From 322e23d486156802b1129d91a5312f652e57a789 Mon Sep 17 00:00:00 2001
From: Claude <noreply@anthropic.com>
Date: Tue, 19 May 2026 16:01:31 +0000
Subject: [PATCH] README: fix CSV column names + restructure
 Troubleshooting/Usage flow
MIME-Version: 1.0
Content-Type: text/plain; charset=UTF-8
Content-Transfer-Encoding: 8bit

Factual fixes:
- Output section listed CSV columns as "Post Title / Post URL /
  Broken Link / Error Type", but the code writes the snake_case form
  (post_title, post_url, broken_link, error_type via csv.DictWriter
  in checker.py). Replaced with the actual column names plus
  human-readable descriptions in a second table column.
- "Example Output" block contained per-post "Checking N links..." and
  "Found N broken links in this post" lines which only appear when
  --verbose is passed (they're emitted via self._log without
  force=True).
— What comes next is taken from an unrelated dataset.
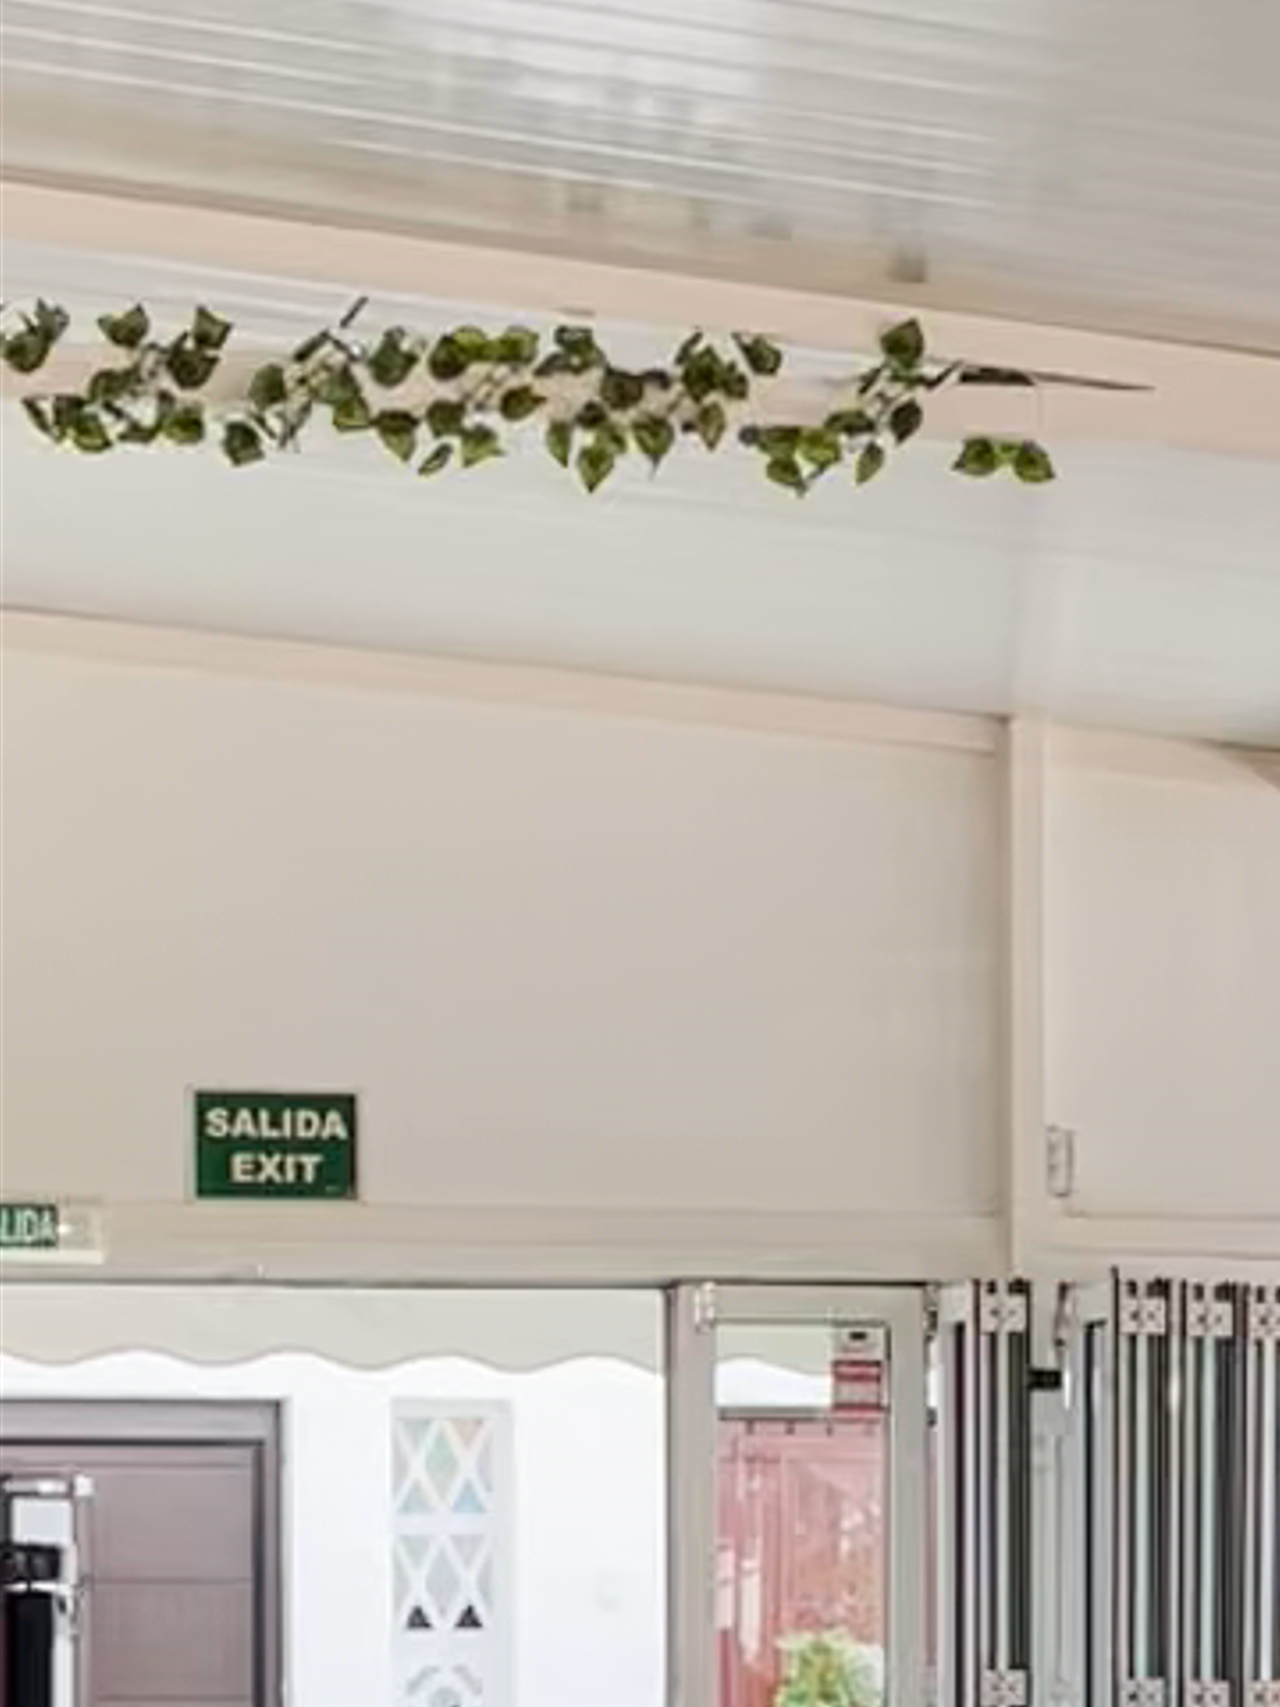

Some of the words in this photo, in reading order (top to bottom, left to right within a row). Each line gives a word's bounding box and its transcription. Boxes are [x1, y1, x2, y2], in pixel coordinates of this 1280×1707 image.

[204, 1107, 348, 1140] SALIDA
[230, 1152, 324, 1184] EXIT
[0, 1207, 56, 1244] LIDA
Relabeled the block as `$ ... --verbose ...` and added
  a one-liner noting which lines are suppressed without --verbose.

Structural:
- Moved Troubleshooting to after Usage / Example Output (was before
  Usage, which interrupted the "how do I use this?" reading flow).
- Renamed "CLI Options" to "`check` Subcommand Options" and added a
  pointer to `substack-link-checker <subcommand> --help` for the
  other subcommands, whose flags weren't documented anywhere.
- Removed run_link_checker.ps1 from the Subcommands table (it's a
  separate PowerShell wrapper, not a subcommand). Added a small
  "Scheduled / automated runs" subsection describing it.
- Dropped "(Optional)" from the Authentication section heading;
  bot protection rejects most unauthenticated scans in practice, so
  the auth flow is more recommended than optional. Added a one-line
  note explaining when it's needed.

Additions:
- Quick Start now mentions `substack-link-checker demo` as an
  optional install smoke-test.
- One-line mention of `--version` flag below the options table.
- New "Importing Previous Results" subsection in Usage with example
  invocations for both .xlsx and .csv (the `import` subcommand was
  documented in the Subcommands table but never demonstrated).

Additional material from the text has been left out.